In 1979, McCabe reported a series of 18 patients that he felt represented cases of autoimmune-mediated hearing loss. The case he described in detail was that of a 25-year old man with sudden loss in one ear and progressive loss in the other as well as a unilateral facial paralysis. Treated with Decadron and Cytoxan (a suppressor of cellular immunity), the man’s hearing loss and facial paralysis improved. Of the 18 patients, 5 had facial paralysis and a number had destructive vasculitic granulomatous lesions. It is possible that many of the patients described by McCabe had PAN or other autoimmune diseases and not single organ AIED.
McCabe noted that autoimmune hearing loss was typically bilateral. Among the clinical entities he listed in the differential diagnosis of fluctuating or rapidly progressive hearing loss are several that are now considered to be related to autoimmunity in a significant number of patients, such as cochlear Meniere’s and sudden sensorineural hearing loss.
‘Post-traumatic hydrops’ – a Meniere’s like syndrome that occurs some time after a head injury – is now thought by many to be an autoimmune condition similar to sympathetic ophthalmia (bilateral granulomatous panuveitis in the contralateral eye after penetrating injury involving the uvea of the other eye). In the same way, patients who suffer progressive or fluctuating loss in one or both ears after inner ear surgery presumably do so because of immune sensitization by the surgical or temporal bone trauma.
What is Autoimmune Inner Ear Disease?
Autoimmune inner ear disease (AIED) is a syndrome of progressive hearing loss and/or dizziness that is caused by antibodies or immune cells which are attacking the inner ear. In most cases, there is reduction of hearing accompanied by tinnitus (ringing, hissing, roaring) which occurs over a few months. Variants are bilateral attacks of hearing loss and tinnitus that resemble Meniere’s disease, and attacks of dizziness accompanied by abnormal blood tests for antibodies. About 50% of patients with AIED have symptoms related to balance (dizziness or unsteadiness).
The immune system is complex and there are several ways that it can damage the inner ear. Both allergy and traditional autoimmune disease such as ankylosing spondylitis, systemic lupus erythematosus (SLE), Sjoegren’s syndrome (dry eye syndrome), Cogan’s disease, ulcerative colitis, Wegener’s granulomatosis, rheumatoid arthritis, scleroderma, and psoriatic arthritis (Srikumar et al 2004) can cause or be associated with AIED. Another multisystem disease, Bechet’s, commonly has audiovestibular problems. Allergy is traditionally suspected to be food related, but there is presently no agreement as to the importance of food allergy.
AIED is rare, probably accounting for less than 1% of all cases of hearing impairment or dizziness (Bovo et al 2009). The precise incidence is controversial.
What Causes Autoimmune Inner Ear Disease?

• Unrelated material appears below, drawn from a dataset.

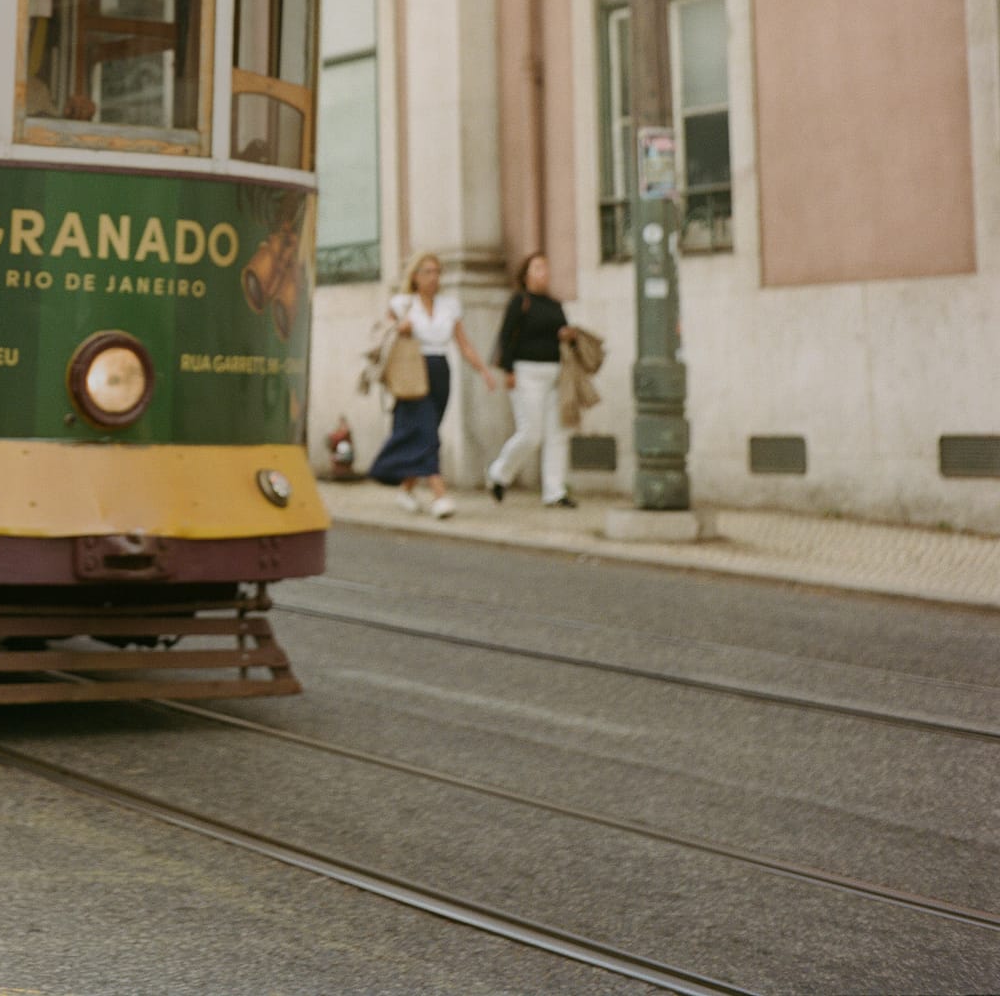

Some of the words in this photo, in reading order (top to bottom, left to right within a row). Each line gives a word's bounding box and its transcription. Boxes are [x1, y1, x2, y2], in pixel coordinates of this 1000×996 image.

[5, 270, 53, 289] RIO
[64, 272, 96, 291] DE
[105, 275, 206, 298] JANEIRO
[180, 353, 211, 372] RUA

The cause of AIED is generally assumed to be related to either antibodies or immune cells that cause damage to the inner ear. There are several theories as to how these might arise, analogously to other autoimmune disorders:
- Bystander damage: Damage to the inner ear causes cytokines to be released which provoke (after a delay)
additional immune reactions. This theory might explain the attack/remission cycle of disorders such as Meniere’s disease. - Cross-reactions: Antibodies or rogue T-cells cause accidental inner ear damage because the ear shares common antigens with a potentially harmful substance, virus, or bacteria that the body is fighting off. This is presently the favored theory of AIED. CTL2 has recently been reported to be a target antigen in AIED (Kommareddi et al 2009).
- Intolerance: The ear, like the eye, may be only a partially immune privileged locus. This means that the body may not know about all of the inner ear antigens, and when they are released (perhaps following surgery or an infection), the body may wrongly mount an attack on the “foreign” antigen. In the eye, there is a syndrome called sympathetic ophthalmia, where following a penetrating injury to one eye, the other eye may go blind. This theory is not presently in favor for the ear.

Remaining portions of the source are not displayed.